Grandiose job titling has become an artform — everywhere. The higher the role, the more creative the title.
Cooks and chefs
The same confusion is found when you look at the tile of Chef. What is a Chef? Sure, I now it’s the French word for ‘chief’, but all kinds of people call themselves Chefs. The cook in a small restaurant with an apprentice and a kitchen hand calls themselves a chef. So does the person in charge of a hotel or hospital kitchen with seventy-five staff under them. To me, the former is a cooking supervisor, the latter is a kitchen manager — radically different roles requiring vastly different skills.

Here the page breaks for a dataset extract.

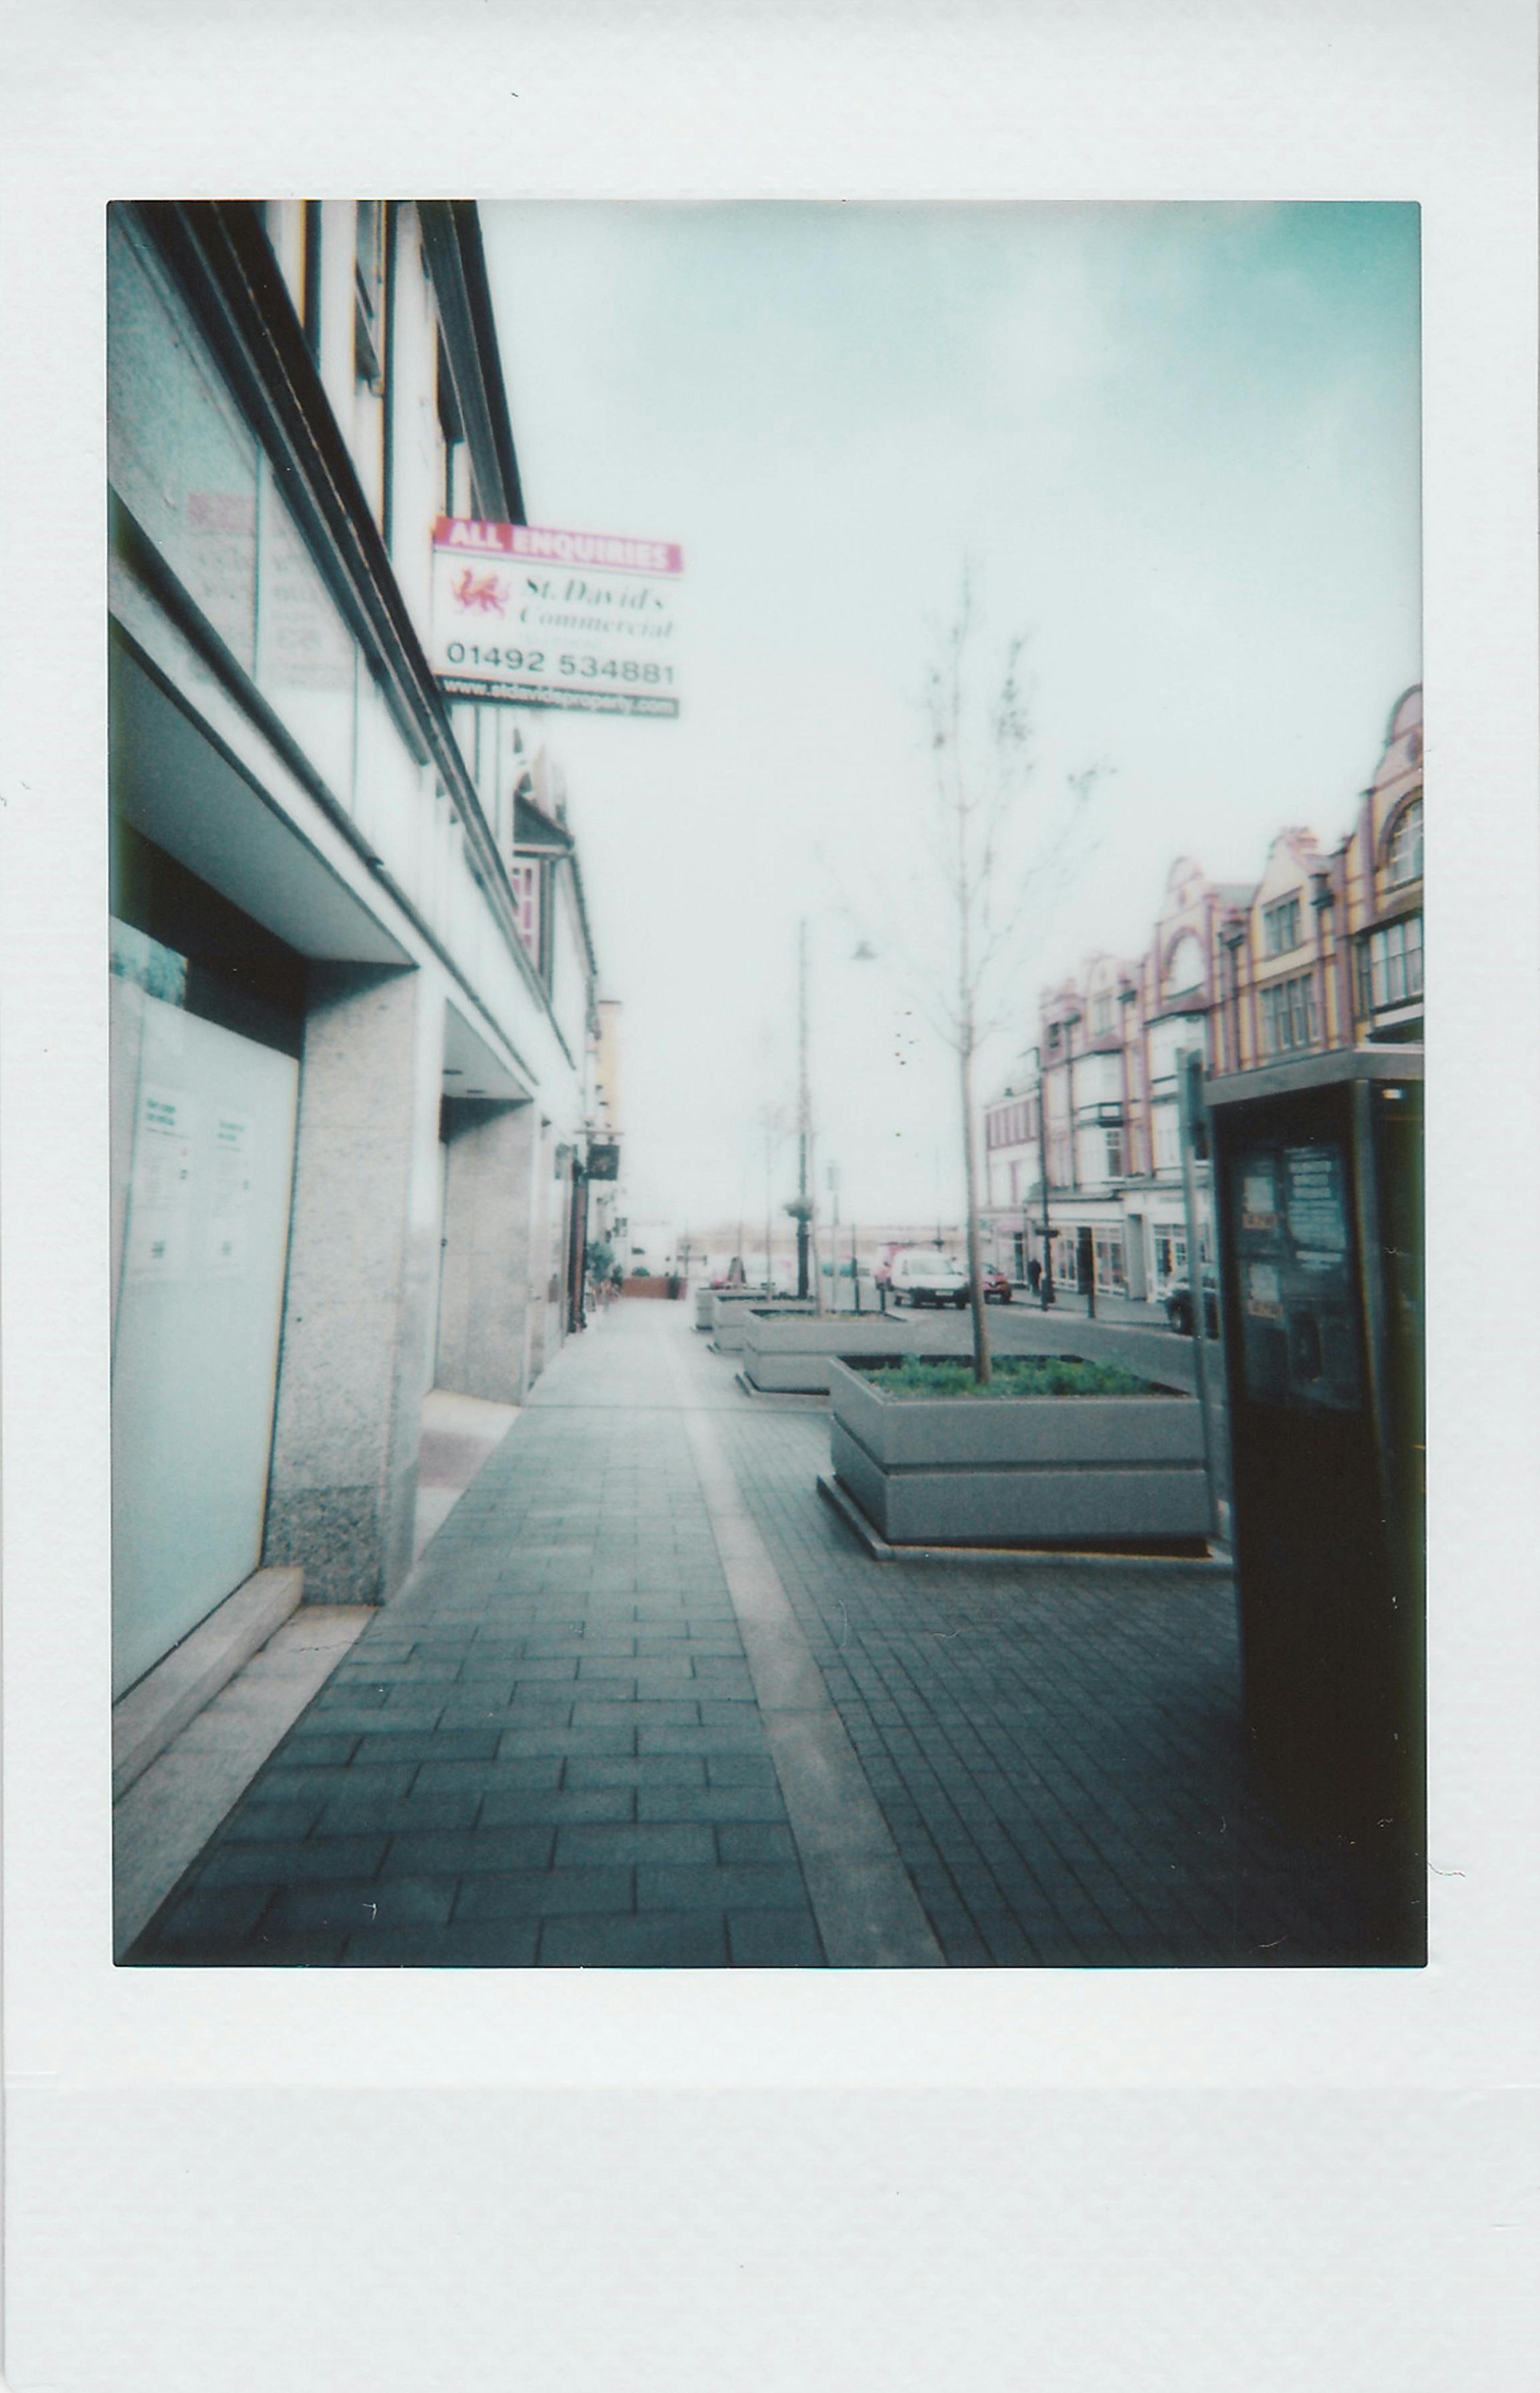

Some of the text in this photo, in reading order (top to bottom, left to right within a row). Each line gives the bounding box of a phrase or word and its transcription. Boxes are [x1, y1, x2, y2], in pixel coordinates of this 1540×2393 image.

[448, 520, 669, 569] ALL ENQUIRIES
[518, 607, 674, 639] Commercial
[447, 641, 674, 685] 01492 534881

We’ve become so concerned with status and titles that we’ve confused the whole industry. For example, I recently advertised for a hotel general manager to run a large hotel and gaming complex owned by one of my clients. I was flooded with resumes from ‘bar managers’ and ‘restaurant managers’ none of whom had any experience in management as I understand it. They were mostly supervisors who had been given grandiose titles (probably to make up for lousy pay).
Beware when recruiting staff
This confusion has made recruitment far more difficult than it needs to be. Imagine a perfect world where you could advertise for a supervisor or a manager and rely on their previous title and a reference check as an indication of their worth. I can ring a job applicant’s previous boss (probably a supervisor who calls themselves a manager), and ask them questions about the applicant’s management abilities and get responses that leave me none the wiser, or worse, give me serious reservations about the environment they have been trained in. To recruit properly, I have to spend considerable time asking very in depth questions to assess their level of knowledge and experience.

His title is Executive Chef. He works in a small restaurant with one kitchen hand.
It would be great if when I met somebody and they told me they were a Manager or a Chef, I knew what they were.